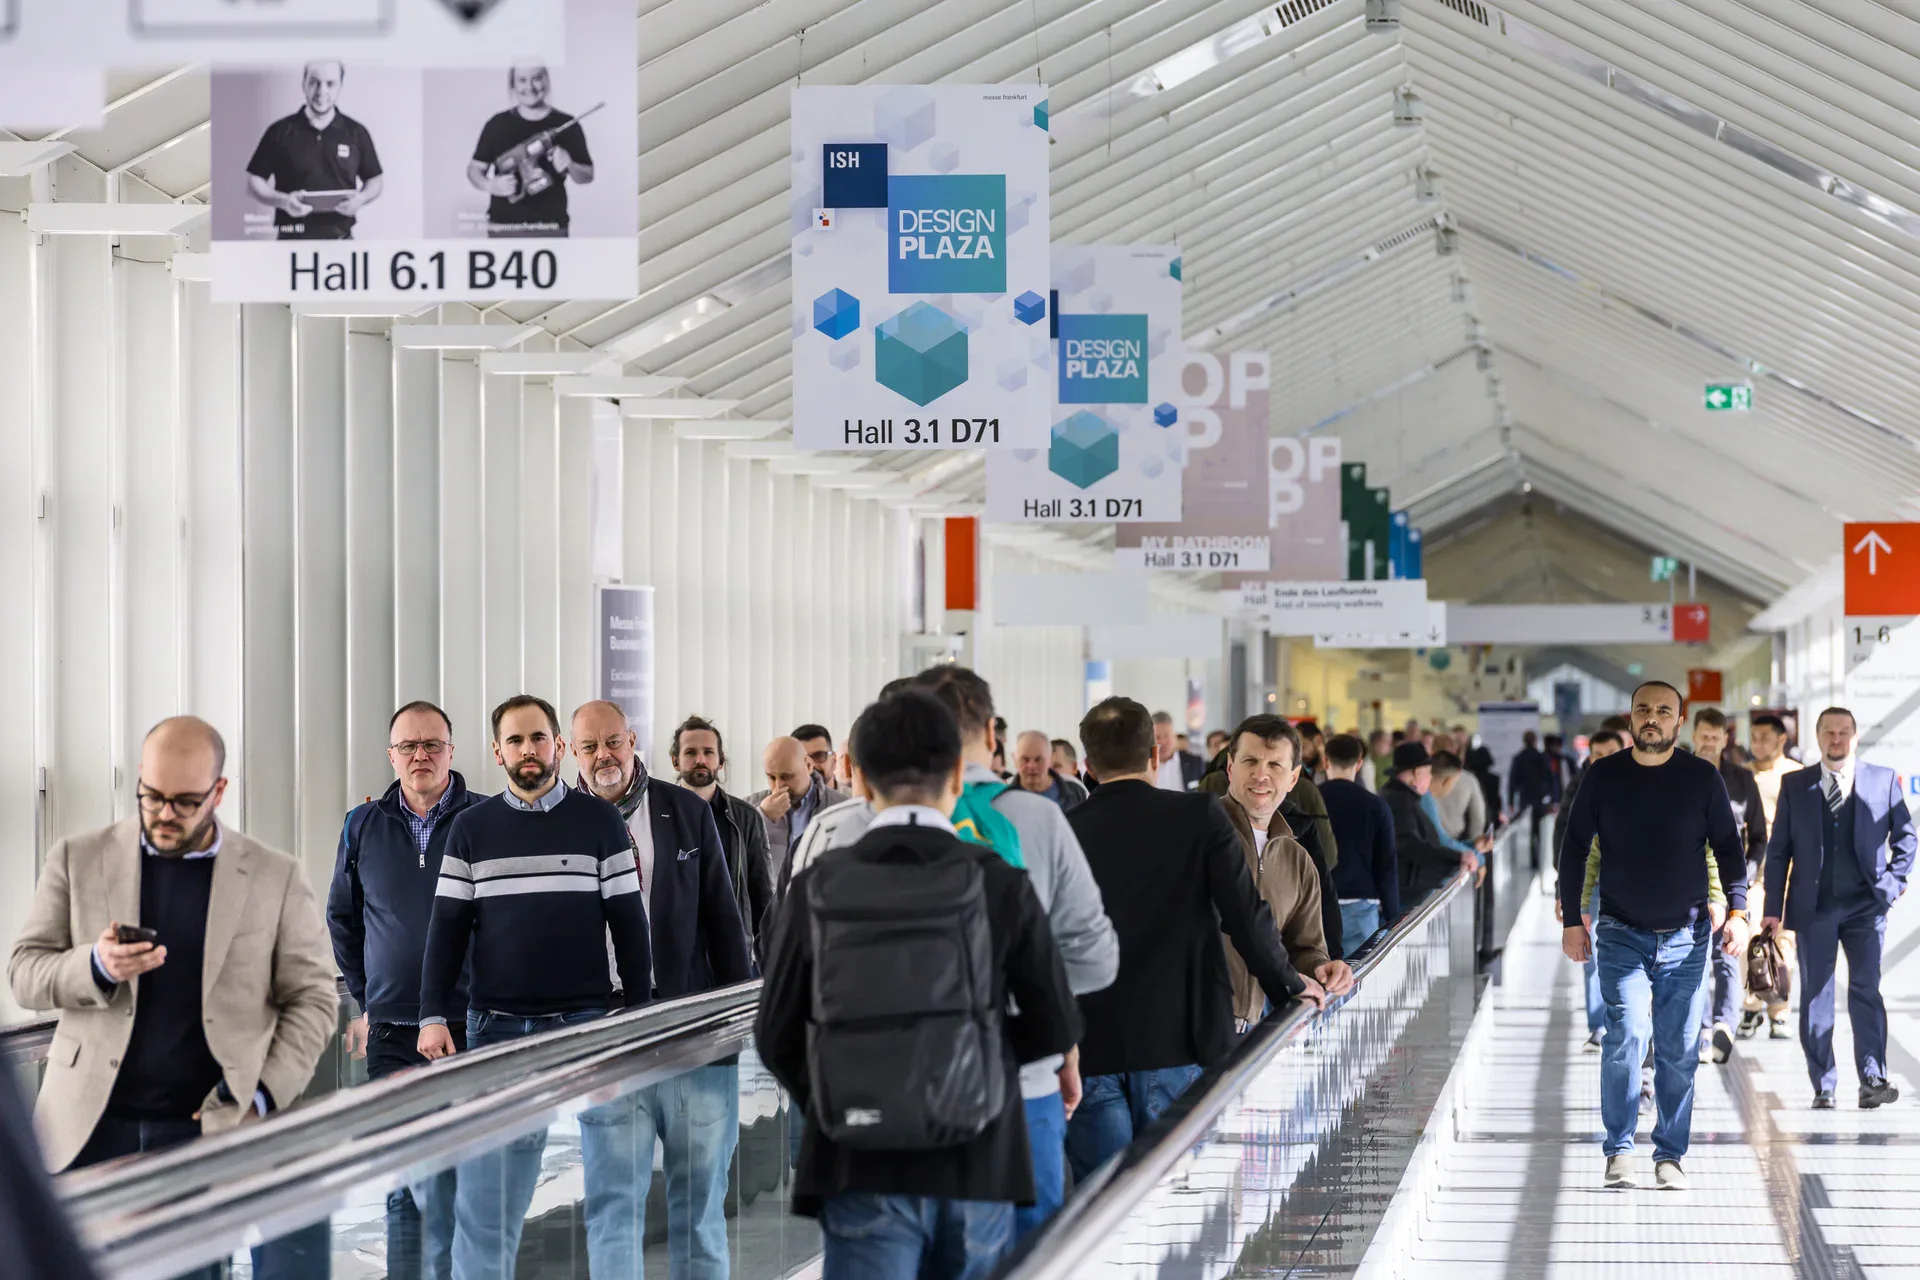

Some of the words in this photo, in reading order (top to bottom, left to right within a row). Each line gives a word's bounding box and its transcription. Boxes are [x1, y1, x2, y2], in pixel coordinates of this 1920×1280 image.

[830, 151, 860, 169] ISH
[898, 208, 996, 234] DESIGN
[898, 235, 995, 260] PLAZA
[290, 251, 370, 291] Hall
[389, 250, 446, 291] 6.1
[467, 249, 558, 290] B40
[1066, 339, 1141, 359] DESIGN
[1066, 359, 1140, 379] PLAZA
[844, 419, 893, 444] Hall
[904, 418, 940, 444] 3.1
[951, 418, 1000, 443] D71
[1024, 499, 1061, 518] Hall
[1069, 498, 1096, 518] 3.1
[1105, 498, 1142, 518] D71
[1141, 535, 1169, 551] MY
[1144, 551, 1177, 568] Hall
[1181, 551, 1204, 568] 3.1
[1209, 551, 1240, 568] D71

============

Give the data again exactly, image-free.

Some of the words in this photo, in reading order (top to bottom, left to right within a row). Each line gives a word's bounding box and its transcription. Boxes are [x1, y1, x2, y2], in pixel coordinates of this 1920×1280 image.

[830, 151, 860, 169] ISH
[898, 208, 996, 234] DESIGN
[898, 235, 995, 260] PLAZA
[290, 251, 370, 291] Hall
[389, 250, 446, 291] 6.1
[467, 249, 558, 290] B40
[1066, 339, 1141, 359] DESIGN
[1066, 359, 1140, 379] PLAZA
[844, 419, 893, 444] Hall
[904, 418, 940, 444] 3.1
[951, 418, 1000, 443] D71
[1024, 499, 1061, 518] Hall
[1069, 498, 1096, 518] 3.1
[1105, 498, 1142, 518] D71
[1141, 535, 1169, 551] MY
[1144, 551, 1177, 568] Hall
[1181, 551, 1204, 568] 3.1
[1209, 551, 1240, 568] D71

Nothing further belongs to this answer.